A heavy silence fell over the hallway.
Tamara Vasilievna, realizing that their genius plan had suffered a crushing failure, decided to launch one final attack.
“You’ll end up an old maid!” she hissed, grabbing the handle of her travel bag. “No one will ever look at you again! Your character is rotten, and your soul is cold like a snake’s! Igor will find himself a young, beautiful woman with a proper dowry! And you’ll sit here alone, clucking over your soap!”
Yulia crossed her arms over her chest and looked at her mother-in-law the way she usually looked at an incorrectly filled invoice — with a touch of pity and a desire to send it straight to the discard pile.
“You know, Tamara Vasilievna,” she said calmly, “I would rather make soap in my cozy apartment than let two parasites drain my life and resources. I wish you luck with your renovation. And Igor, don’t forget the keys. I’d rather not call the police over illegal entry.”
As if hypnotized, Igor took the keyring out of his pocket and threw it onto the glass surface of the dresser with a metallic clatter. He understood that any argument was useless. Yulia had beaten them on their own field. She had not screamed. She had not begged. She had simply gathered the evidence and shown them the door.
Picking up his suitcases, he silently walked out onto the landing. Tamara Vasilievna followed him, still muttering curses under her breath.
Yulia closed the door, turned the lock twice, and slid the heavy bolt into place. The sound of footsteps faded in the stairwell, giving way to a ringing, healing silence.
She went into the kitchen, poured herself a fresh cup of mint tea, and walked to the window.
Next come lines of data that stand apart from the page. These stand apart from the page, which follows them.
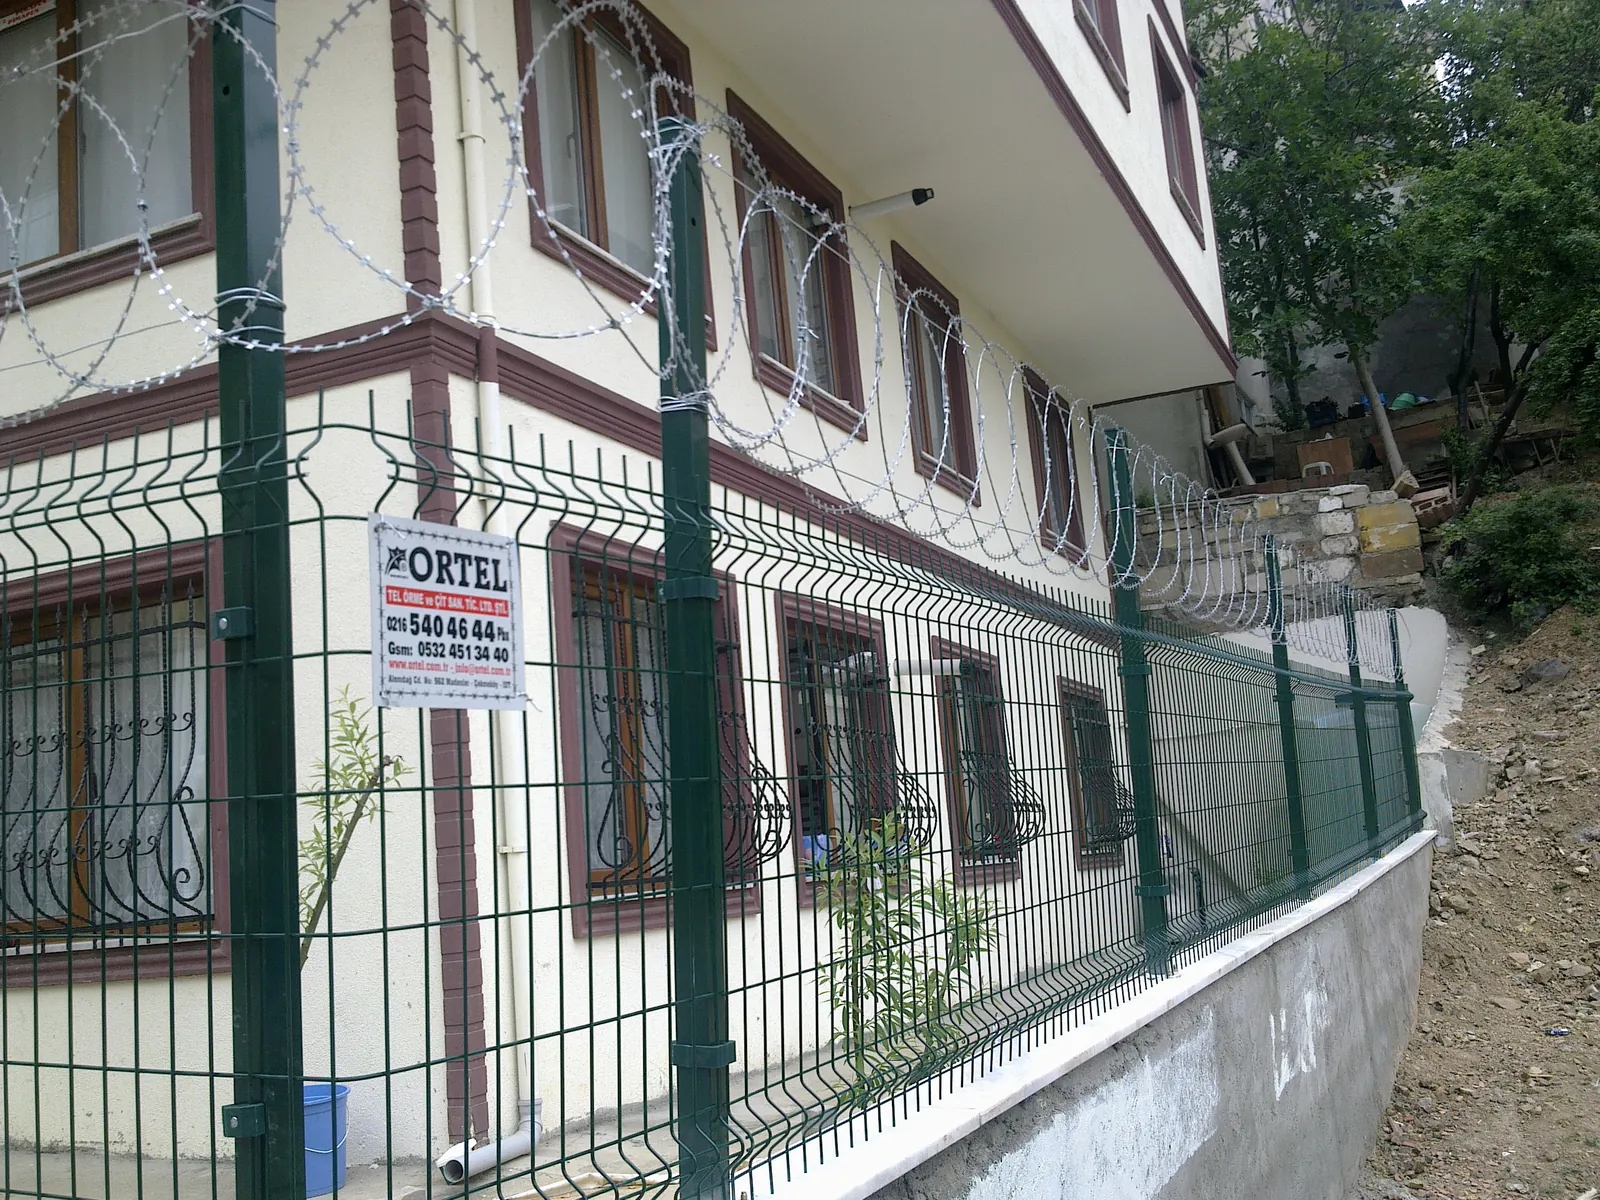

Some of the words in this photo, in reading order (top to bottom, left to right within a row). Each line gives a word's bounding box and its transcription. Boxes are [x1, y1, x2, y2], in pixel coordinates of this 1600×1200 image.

[409, 546, 508, 593] ORTEL
[387, 589, 402, 602] TEL
[387, 616, 407, 632] 0216
[410, 612, 443, 638] 540
[447, 617, 468, 640] 46
[472, 619, 495, 642] 44
[388, 641, 413, 656] Gsm:
[418, 641, 446, 658] 0532
[449, 643, 471, 660] 451
[474, 645, 490, 661] 34
[493, 647, 509, 662] 40
There was no pain in her chest. No regret. Only an enormous, all-consuming feeling of freedom and cleanliness. As if she had spent a long time trapped in a stuffy, dusty room, and someone had finally thrown the windows open to fresh air.
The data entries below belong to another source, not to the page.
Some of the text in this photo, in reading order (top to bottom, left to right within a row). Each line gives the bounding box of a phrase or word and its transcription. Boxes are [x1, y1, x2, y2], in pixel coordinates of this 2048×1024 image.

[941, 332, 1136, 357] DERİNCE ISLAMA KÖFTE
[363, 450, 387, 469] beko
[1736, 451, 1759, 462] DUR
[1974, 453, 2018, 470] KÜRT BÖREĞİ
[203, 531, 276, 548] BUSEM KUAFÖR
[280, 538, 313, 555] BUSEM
The next day, Yulia arrived at work in an excellent mood. She greeted her colleagues with a smile, brilliantly audited a new package of mineral water supply contracts, and even received praise from the director for finding an error in a contractor’s invoices.
Life after divorce began to shine with new colors. Yulia threw herself completely into her hobby. It turned out that the time freed from serving an ungrateful husband could be used with tremendous benefit. She expanded her product range, developed branded packaging, and created a social media page. Her craft soap made with natural herbs and perfect proportions began to attract strong demand. Regular customers appeared, followed by wholesale orders from small cosmetics boutiques.
She turned her balcony into a true professional workshop, where the aromas of lavender, patchouli, and sweet orange filled the air. Every evening, as she cut another smooth, perfectly even bar of soap, Yulia remembered that ultimatum.
That very statement from Igor that was supposed to break her and take away her home. Instead, it became the starting point of her new, happy, independent life.
And now she knew for certain: in any difficult situation, the most important thing is not to surrender to emotions, but to gather the facts — and trust your inner records clerk.